We watched the Iran-Mexico match on ABC, at a viewing party (big screens under a tent outside the Columbus Crew Stadium) provided by the Columbus Crew. It should be noted that, whenever Mexico scored, the camera showed ordinary Mexican men and women jumping up and down and cheering for their team in Mexico City, but it refused to show comparable scenes from Tehran or even the Iranian diaspora when the Iranian team did score its one and only goal that day. That sort of prejudice motivated by American geopolitics, however, did not manifest itself at all among local football fans. Mainly Iranians showed up at the viewing party, but there were also some Mexicans and Somalis (two of the largest immigrant communities in Columbus, Ohio) and Anglos, aside from me and a guy from Bangladesh. During the halftime break, some of them were playing football together, having a good time. "Divide and conquer" doesn't always work!

Whither Team Melli? Abbas Kiarostami, a renowned Iranian film maker, said: "I hope that we'll beat Angola at least". I wished, though, that Iran had been able to get to the Round of 16 -- as Kiarostami noted, the Iranians "need something to cheer about".


fifa2006 said...

Chinese World Cup blogger racks up 10 million hits
from Yahoo News 16 June,2006
BEIJING (Reuters) - Beijing blogger and podcaster Dong Lu registered his 10 millionth hit on Friday morning, racing to the landmark on the back of China's obsession with the World Cup.
The 36-year-old's irreverent take on soccer's showpiece, produced with the help of three friends in the living room of his apartment on the northeast outskirts of Beijing, has proved hugely popular with China's on-line audience.
Sporting a multi-coloured Afro wig and a fake moustache, Dong presents
a podcast every other day featuring caricatures of leading players, parodies of the many soccer-themed adverts on Chinese television and the occasional song.
"We do it for fun, out of passion for football," Dong, looking suitably bleary-eyed after another all-night session in front the TV watching the action from Germany, told Reuters.
"The World Cup is a great event for everybody whether from small countries or large ones, rich or poor."
Dong is no media outsider, however. He covered the 2002 World Cup as a journalist and still finds time for his day job as a columnist with a weekly sports paper.
Some have suggested the reason for the enormous popularity of sport and showbiz blogs in China is because they allow people to talk freely.
"In sports journalism there is relative freedom of expression and we can give our opinions about a match and other sporting issues," said Dong.
"In other fields such as the social and political arenas, there are regulations.

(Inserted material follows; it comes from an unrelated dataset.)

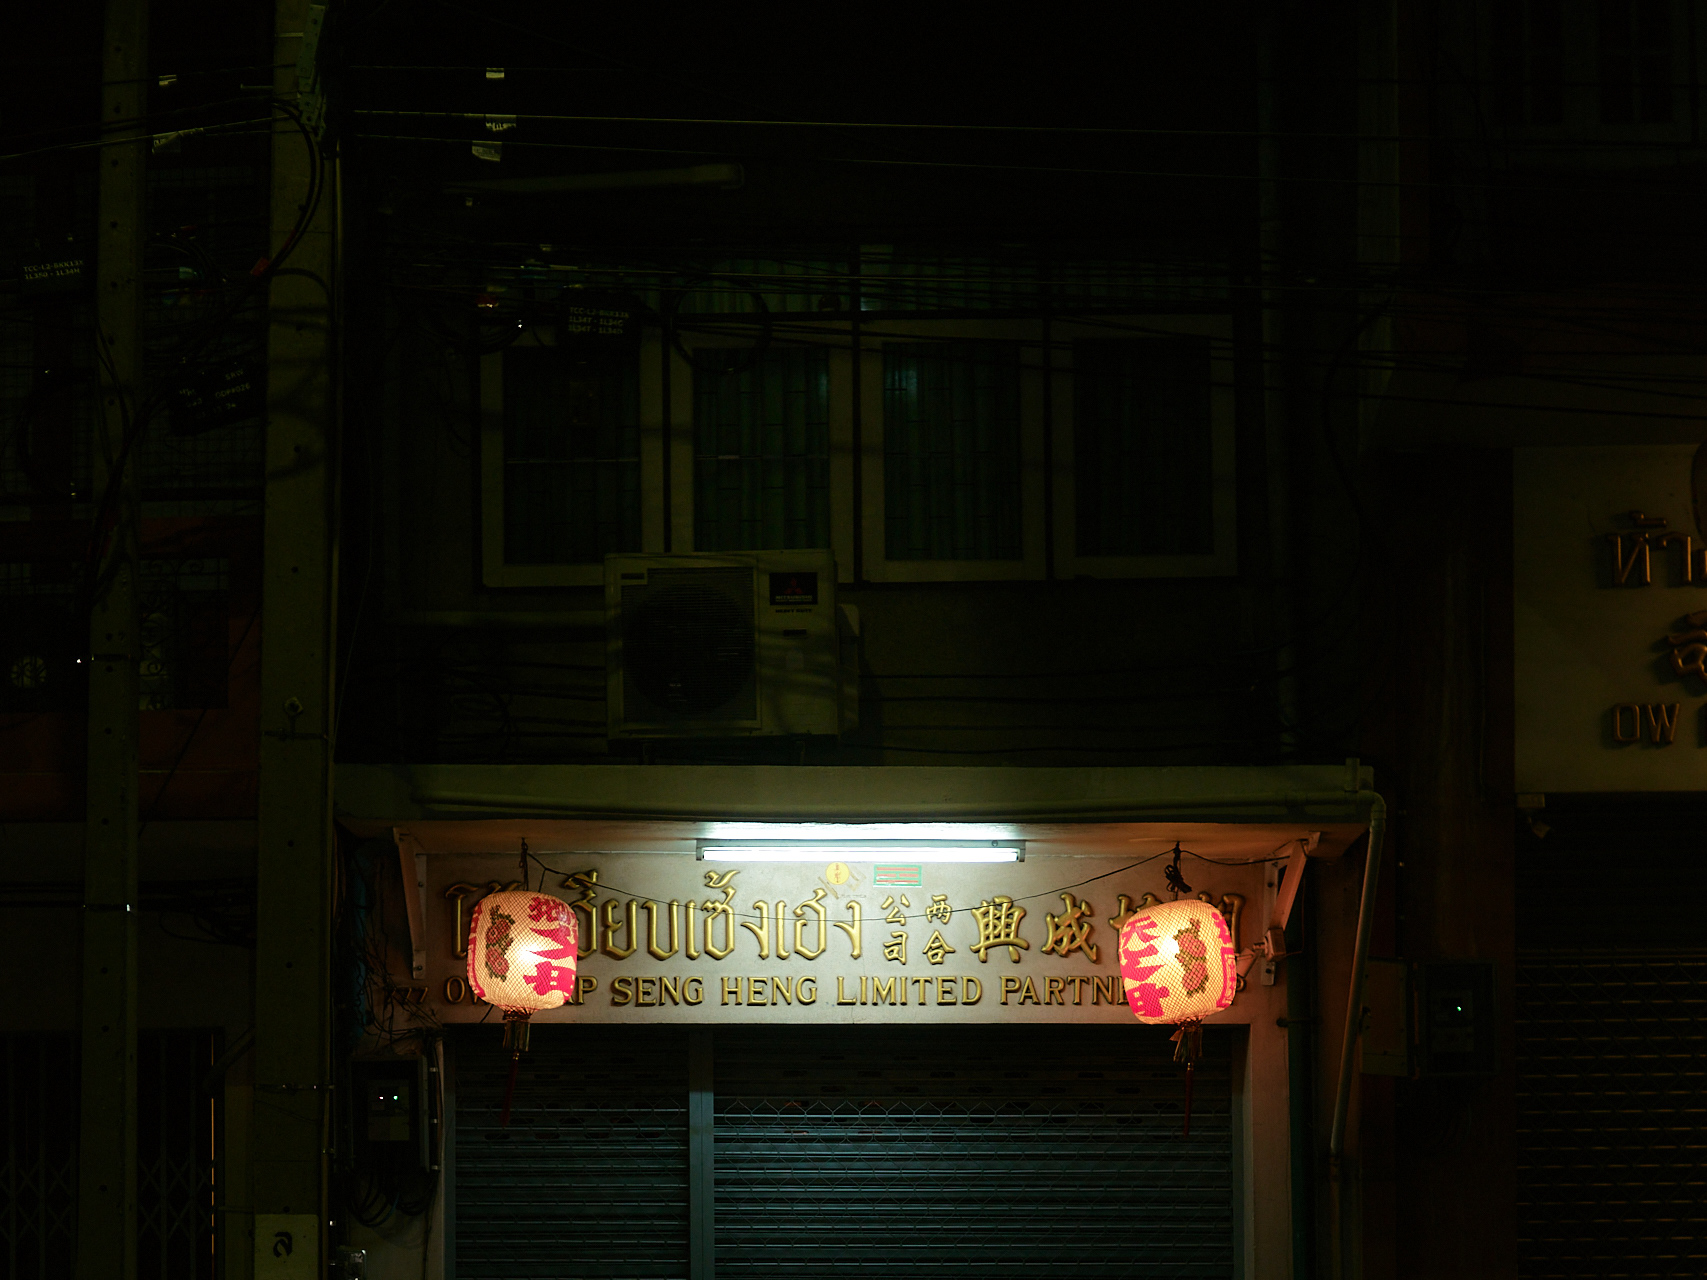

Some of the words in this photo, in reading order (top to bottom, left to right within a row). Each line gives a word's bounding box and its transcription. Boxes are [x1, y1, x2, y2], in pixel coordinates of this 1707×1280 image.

I've spent 10 years working in the media and I understand the line that can never be crossed.
"There are many other interesting things in life for me to talk about. It's about fun, not trouble."
Dong started his blog last November to air his views on life, music and his love of soccer.
"At first I wasn't sure if anyone would be interested," he said. "But it took off after a month and the start of World Cup finals has brought an extra 100,000 hits a day."
Like many China, whose team failed to qualify for the finals, Dong is backing Brazil and his yellow number nine shirt signed by Ronaldo is never far from view.
"Someone offered to give me a car for it," he said. "But I turned them down."
Asked what his wife thought of him turning their apartment into a television studio, Dong laughed: "She's very supportive of what I do. I'm her superstar."
Dr Han (Super football fans)

bc said...

with my Iranian friends (mainly men).

Hey, Yoshie, that's not fair, jk:)

You seem like a really, really intelligent woman by the nature and detail of the material on your site. I love intellect in a woman:) Do you have a Ph.D or something?

Well, I know you looove Persians, but do you like E. Asians, alike?